Why It’s Easy To Make
The freeze-the-caramel technique is simple once understood. Any good caramel sauce works. The dramatic result is entirely achievable for home bakers.
Salted Caramel Stuffed Cookies
Course: Baking, Cookies16
servings30
minutes12
minutes3360
kcalIngredients
•t225g unsalted butter
•t200g brown sugar
•t100g white sugar
•t2 large eggs plus 1 yolk
•t2 tsp vanilla extract
•t280g plain flour
•t1 tsp bicarbonate of soda
•t1 tsp salt
•t200g dark chocolate chips
•tFor filling: 160ml good quality caramel sauce or dulce de leche
•tFlaky sea salt to finish
Directions
- Line a tray with baking paper. Spoon caramel into 16 portions, about 1 tsp each. Freeze for at least 2 hours until solid.
- Brown the butter until golden and nutty. Cool for 15 minutes.
- Whisk both sugars into brown butter. Add eggs, yolk and vanilla. Whisk vigorously.
- Fold in flour, bicarbonate of soda and salt. Fold in chocolate chips.

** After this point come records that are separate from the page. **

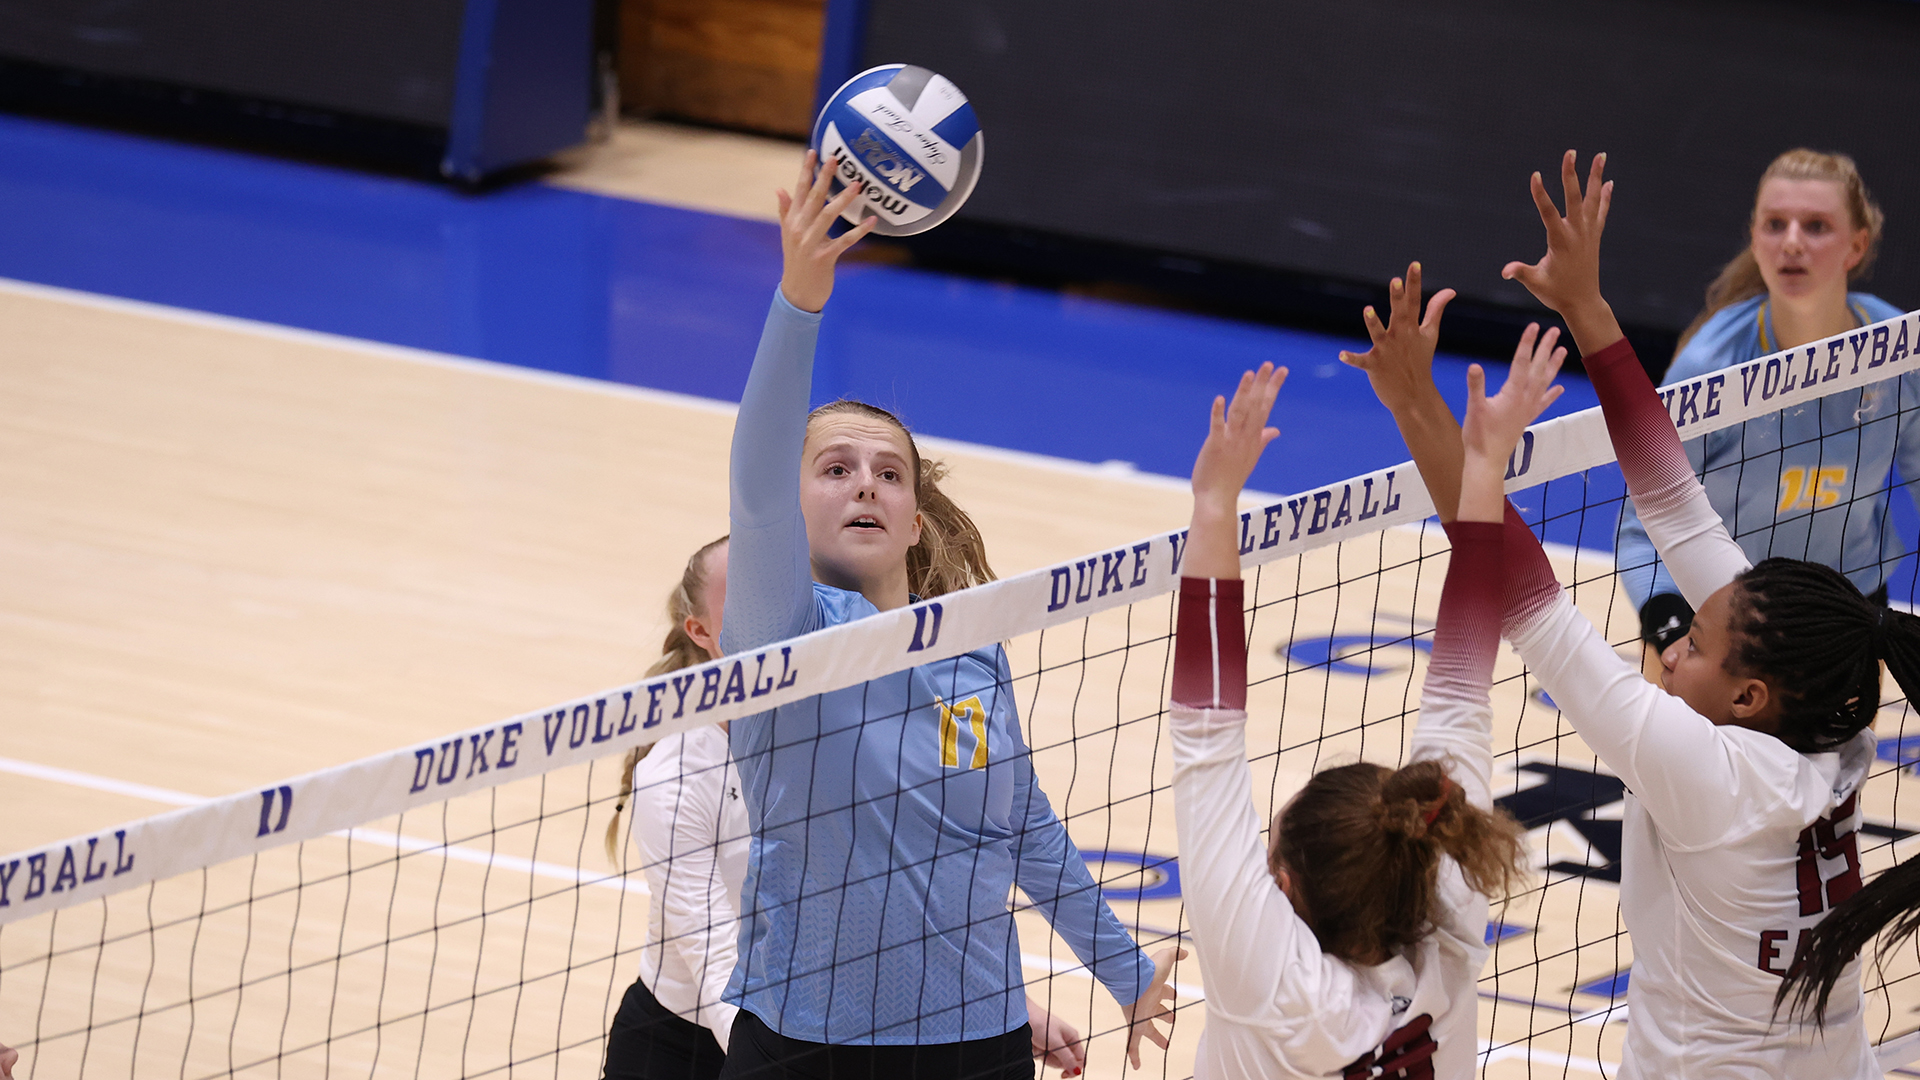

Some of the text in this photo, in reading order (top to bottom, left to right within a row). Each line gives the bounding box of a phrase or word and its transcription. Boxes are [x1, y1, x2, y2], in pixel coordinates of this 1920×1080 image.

[854, 127, 925, 193] NCAA
[1777, 465, 1847, 516] 15
[409, 722, 522, 794] DUKE
[543, 647, 798, 756] VOLLEYBALL
[1047, 543, 1149, 613] DUKE
[1168, 471, 1401, 576] VLEYBALL
[933, 695, 991, 772] 17
[1797, 790, 1863, 918] 15
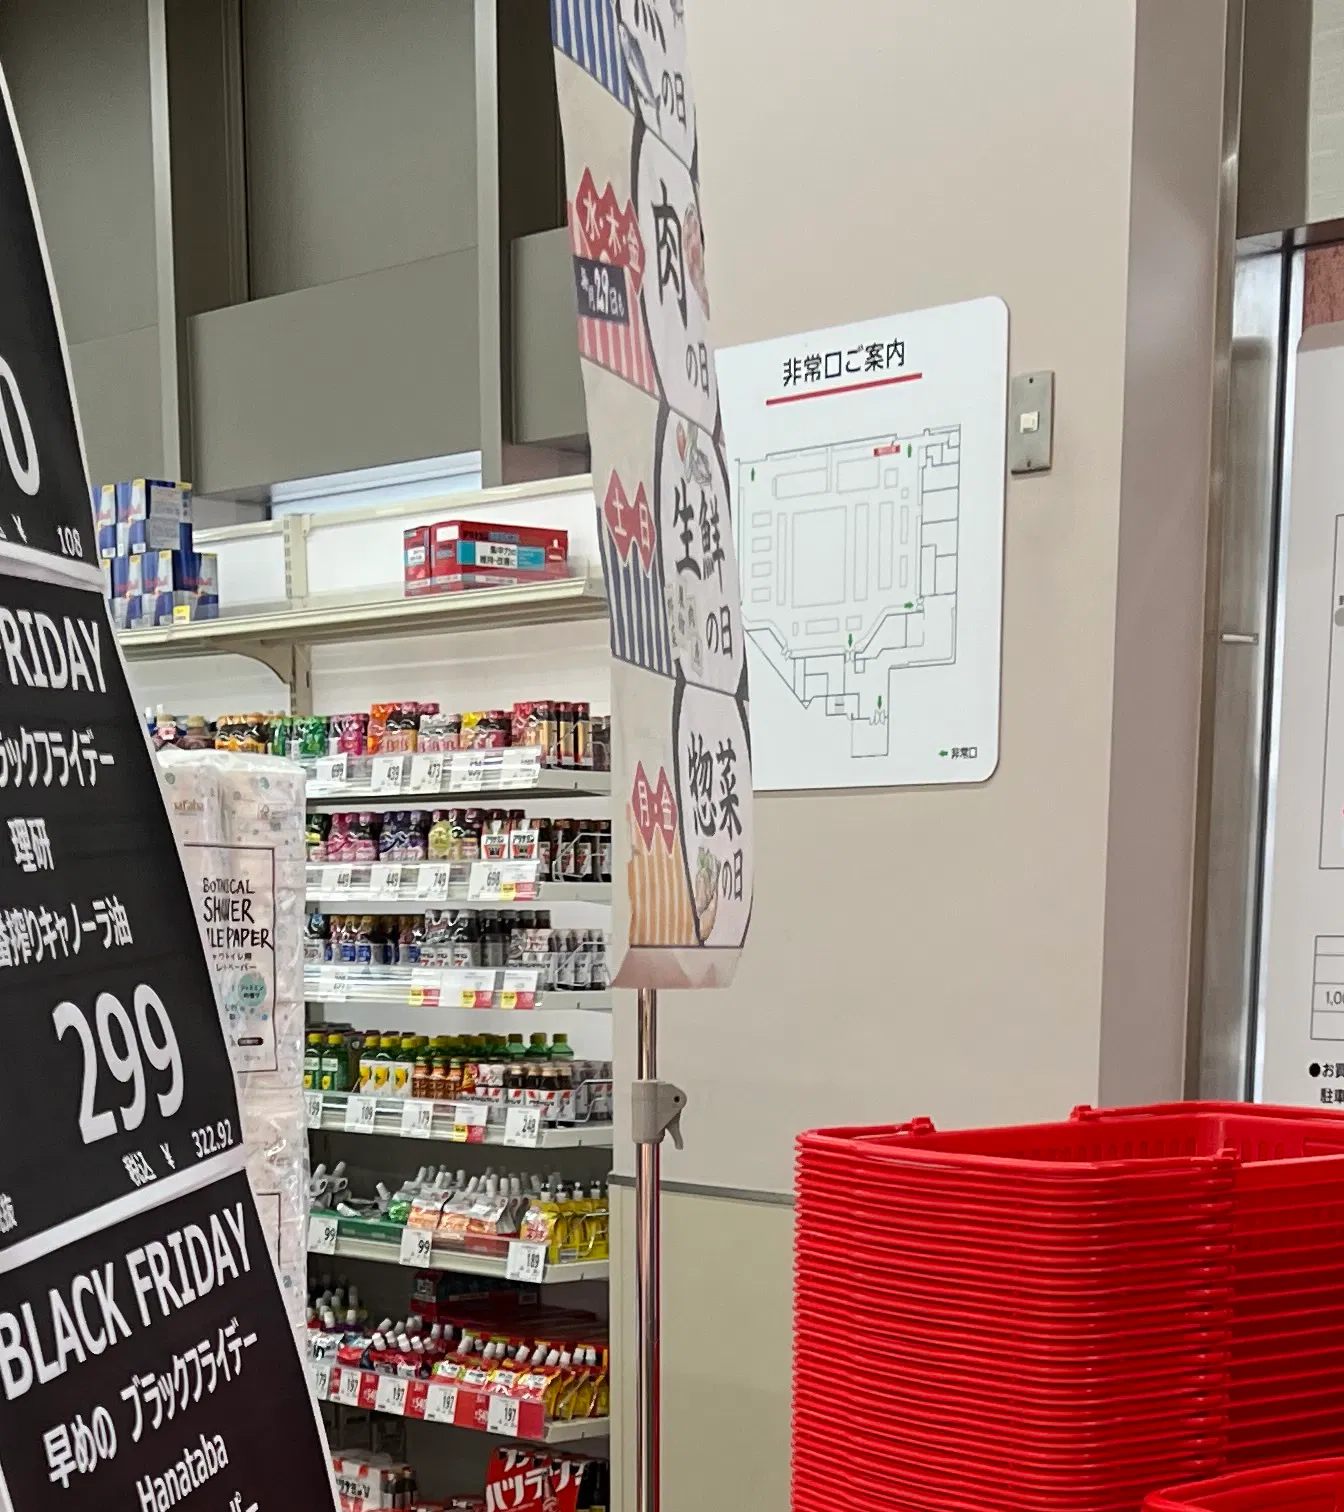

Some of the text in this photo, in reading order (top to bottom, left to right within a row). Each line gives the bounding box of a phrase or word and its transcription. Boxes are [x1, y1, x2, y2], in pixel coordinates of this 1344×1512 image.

[782, 337, 906, 388] 非常口ご案内
[56, 526, 84, 559] 108
[672, 477, 726, 595] 生鮮
[687, 731, 743, 842] 惣菜
[7, 816, 55, 875] 理研
[53, 983, 187, 1145] 299
[191, 1118, 234, 1160] 322.92
[324, 1226, 336, 1242] 99
[418, 1239, 430, 1254] 99
[125, 1201, 254, 1329] FRIDAY
[44, 1316, 260, 1490] 早めの ブラックフライデー
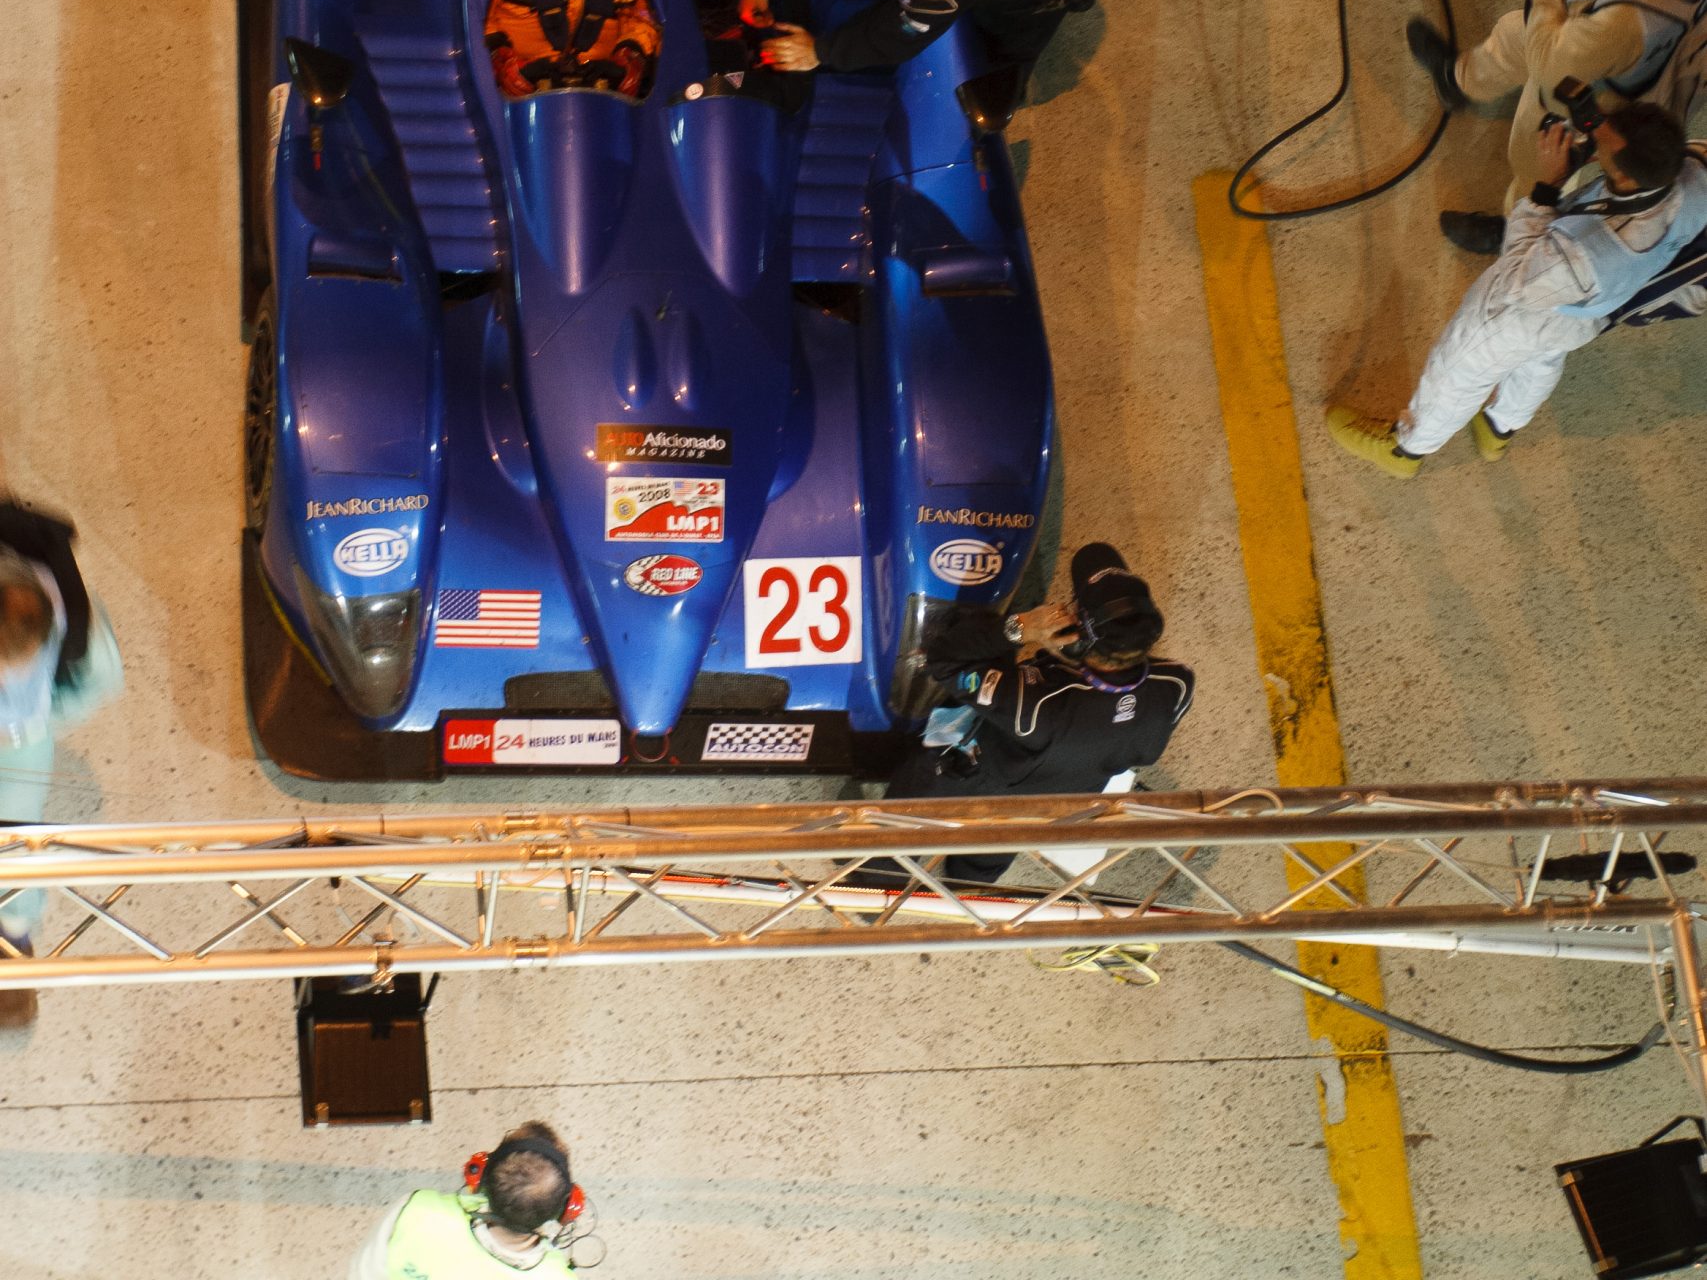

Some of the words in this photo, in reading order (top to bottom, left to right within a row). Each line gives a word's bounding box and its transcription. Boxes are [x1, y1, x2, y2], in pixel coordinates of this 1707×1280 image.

[625, 446, 705, 458] MAGAZINE
[638, 488, 671, 503] 2008
[696, 482, 719, 495] 23
[666, 515, 719, 531] LMP1
[340, 540, 409, 562] HELLA
[937, 553, 1003, 574] HELLA
[650, 568, 673, 581] RED
[758, 564, 851, 654] 23
[449, 734, 491, 750] LMP1
[496, 734, 524, 751] 24
[529, 736, 566, 748] HEURES
[570, 733, 583, 743] DU
[709, 743, 805, 753] AUTOCON
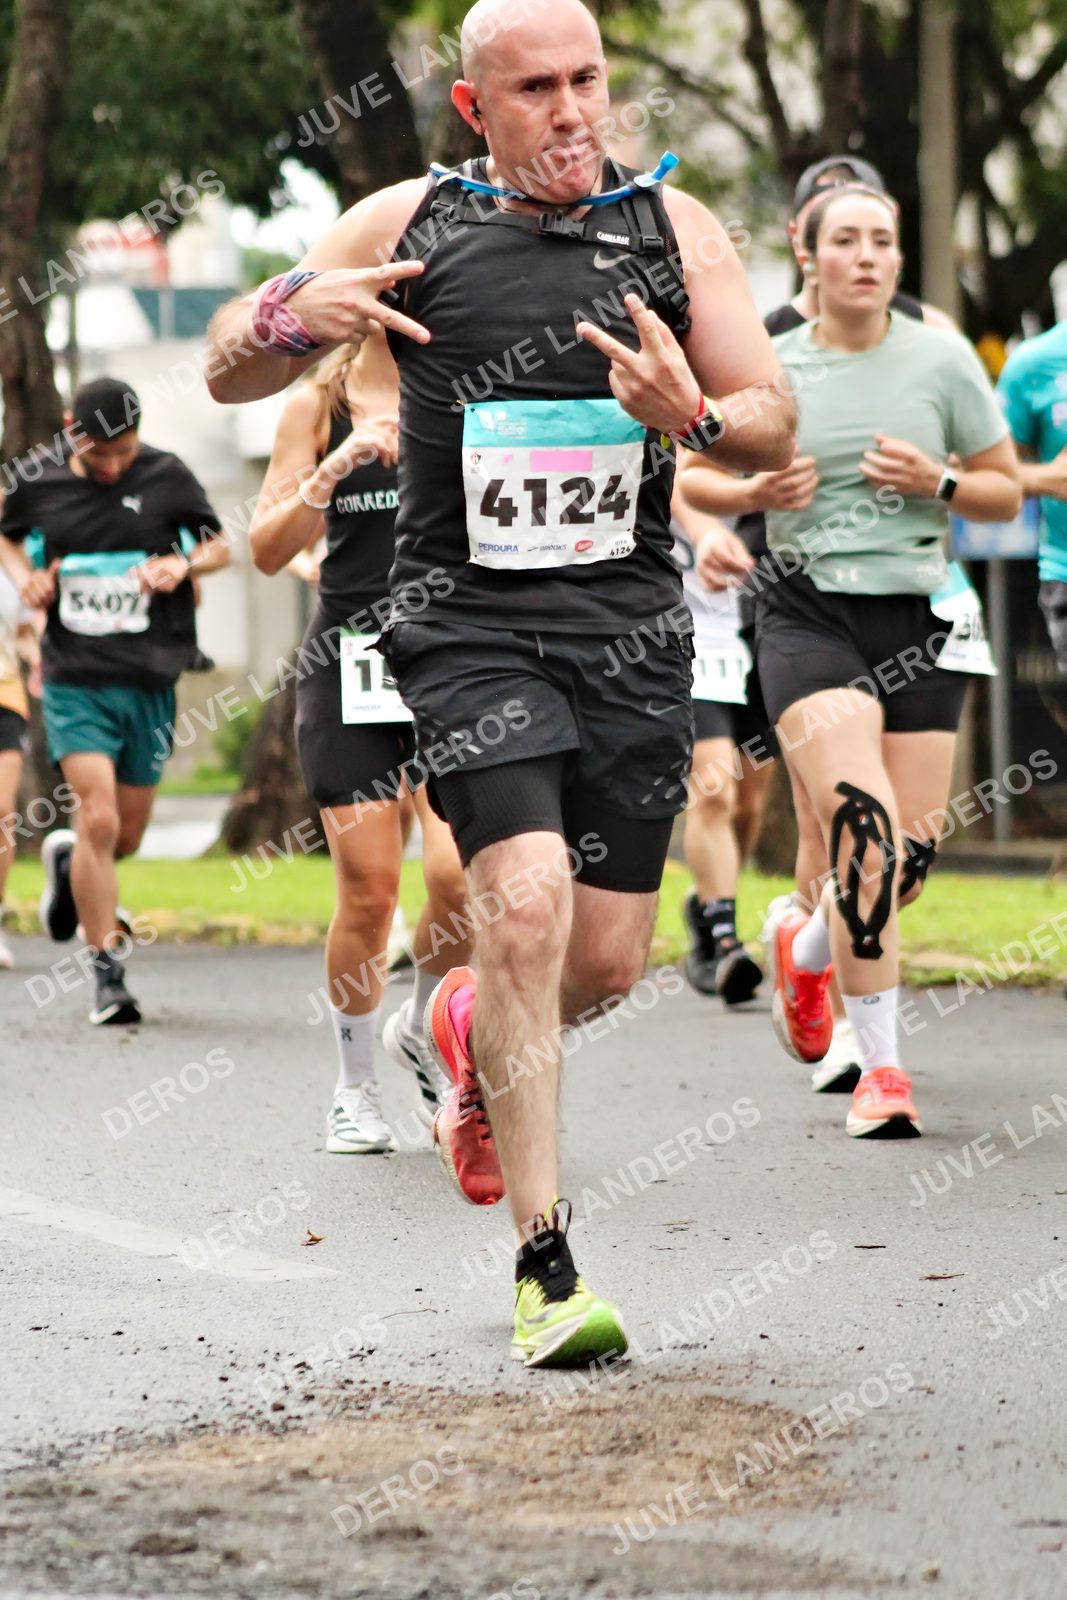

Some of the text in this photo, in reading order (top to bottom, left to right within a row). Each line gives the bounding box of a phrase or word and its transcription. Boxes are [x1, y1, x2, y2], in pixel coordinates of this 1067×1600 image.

- Refrigerate dough for 1 hour.
- Preheat oven to 180°C. Line trays with baking paper.
- Scoop a ball of dough. Flatten in your hand. Place one frozen caramel disc in the centre.
- Wrap the dough around the caramel, sealing completely. Roll into a smooth ball.
- Place on tray. Bake for 11 to 13 minutes until edges are golden and set.
- Immediately sprinkle with flaky sea salt. Cool on tray for at least 10 minutes before serving.
Notes
- The caramel must be completely frozen solid before being wrapped in the dough — even slightly soft caramel will not hold its shape during wrapping and baking.
Seal the dough completely around the caramel with no gaps — any gap will allow the caramel to escape during baking.
Serve while still slightly warm when the caramel is in its most liquid state. The caramel firms as the cookie cools.
These are best eaten the day they are made when the caramel is still flowing
Make Ahead Tips
Frozen caramel portions keep in the freezer for 3 months. Cookie dough keeps refrigerated for 3 days. Assembled stuffed dough balls can be frozen unbaked for 3 months. Bake directly from frozen at 180°C for 14 minutes. Baked cookies are best eaten the day they are made but keep for 3 days.
Storage & Serving
These are best eaten the day of baking when the caramel is warmest and most fluid. The caramel sets and becomes chewy rather than flowing on the second day, which is still delicious. Store in an airtight container at room temperature for up to 3 days. Microwave for 20 seconds before eating to re-melt the caramel. These are the most impressive cookies in this collection and are best served slightly warm to guests who can appreciate the moment the cookie is broken open and the caramel flows out.
Variations & Substitutions
Use chocolate ganache instead of caramel for a molten chocolate centre. Fill with Nutella frozen in the same way. Use white chocolate and raspberry jam combined as a filling. Add a whole toasted pecan to the centre alongside the caramel for a turtle-inspired stuffed cookie.